A recent article in the New York Times puts the cost of environmental degradation in China at about $230 billion in 2010.
This is 3.5 percent of the nation’s gross domestic product, three times the level in 2004.
“This cuts to the heart of China’s economic challenge: how to transform from the explosive growth of the past 30 years to the sustainable growth of the next 30 years,” said Alistair Thornton, a China economist at the research firm IHS Global Insight.
The article talks about “at least 16,000 dead pigs [found] in rivers that supply drinking water to Shanghai”, and farmers who “would not dare to eat” the wheat they grow.
The problem is that these ‘environmental’ costs, under-estimates though they are, are not actually paid by anyone. They are borne by the health and well-being of the general population, and will continue to be so, so long as those people allow it.
One sign of possible change is that “public fury forced propaganda officials to allow official Chinese news organizations to report more candidly on the pollution.”

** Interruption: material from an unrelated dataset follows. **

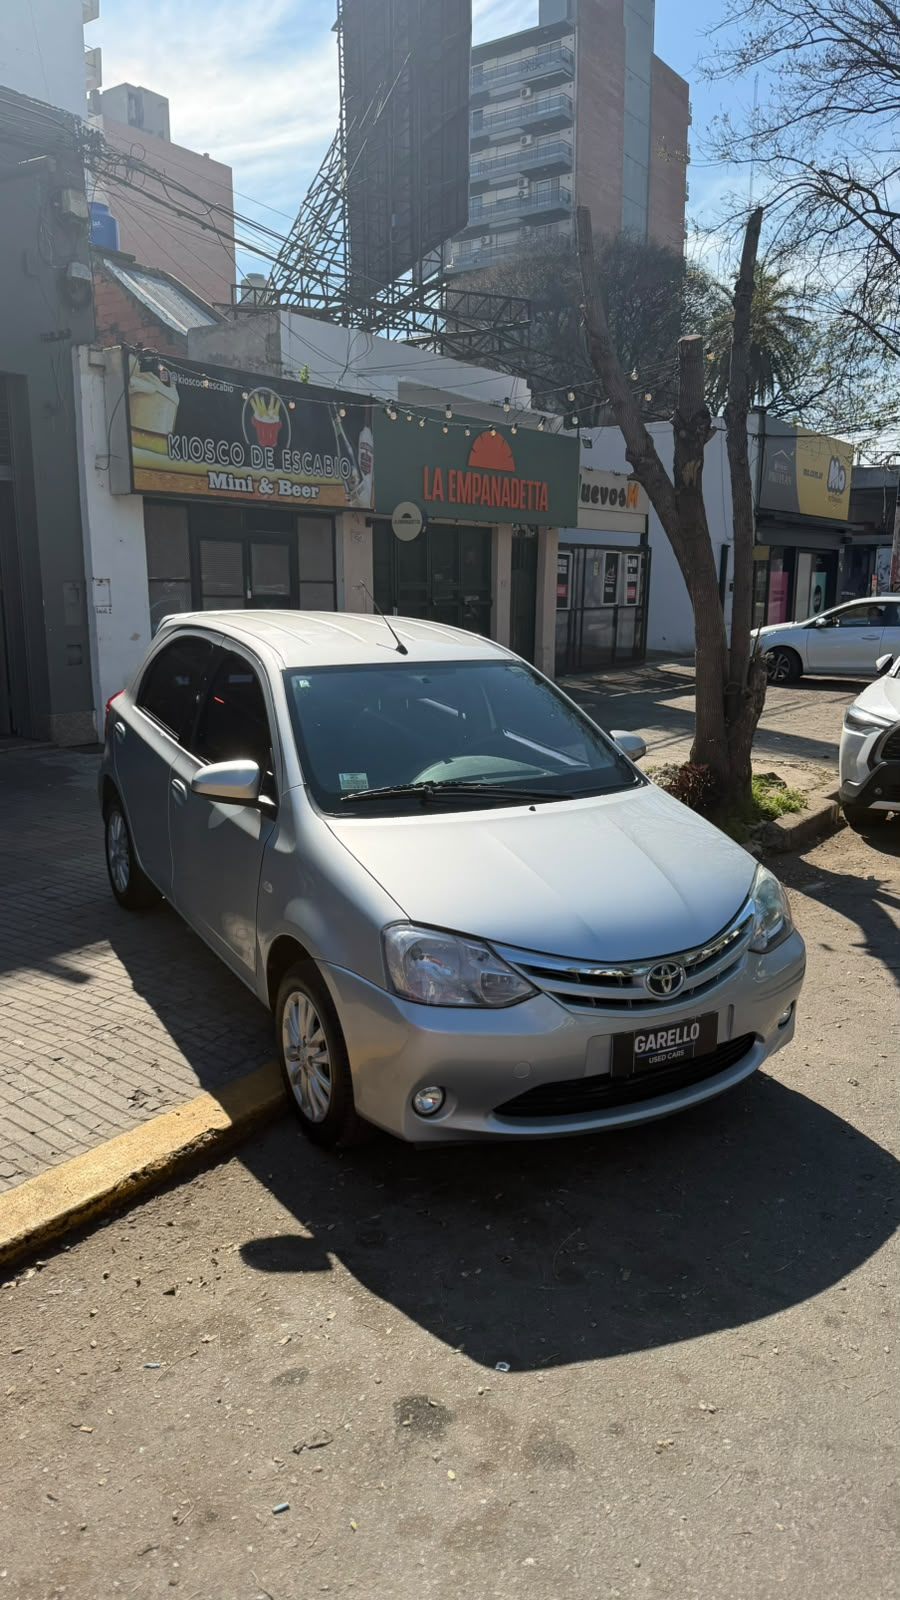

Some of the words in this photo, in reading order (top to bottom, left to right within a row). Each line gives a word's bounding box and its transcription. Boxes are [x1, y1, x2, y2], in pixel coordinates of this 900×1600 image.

But it is noticeable that steps to reduce pollution and environmental impact are still described (by the New York Times) as a “cost [of] at least $16 billion” rather than “an opportunity to grow sustainable GDP by at least $16 billion.”
So, these are the two sides of change for a sustainable future, ‘hard’ and ‘soft’.
A change in what we measure (“Digging a hole and filling it back in again gives you G.D.P. growth. It doesn’t give you economic value.”)
And a change in how people perceive and stand up for their own self-worth.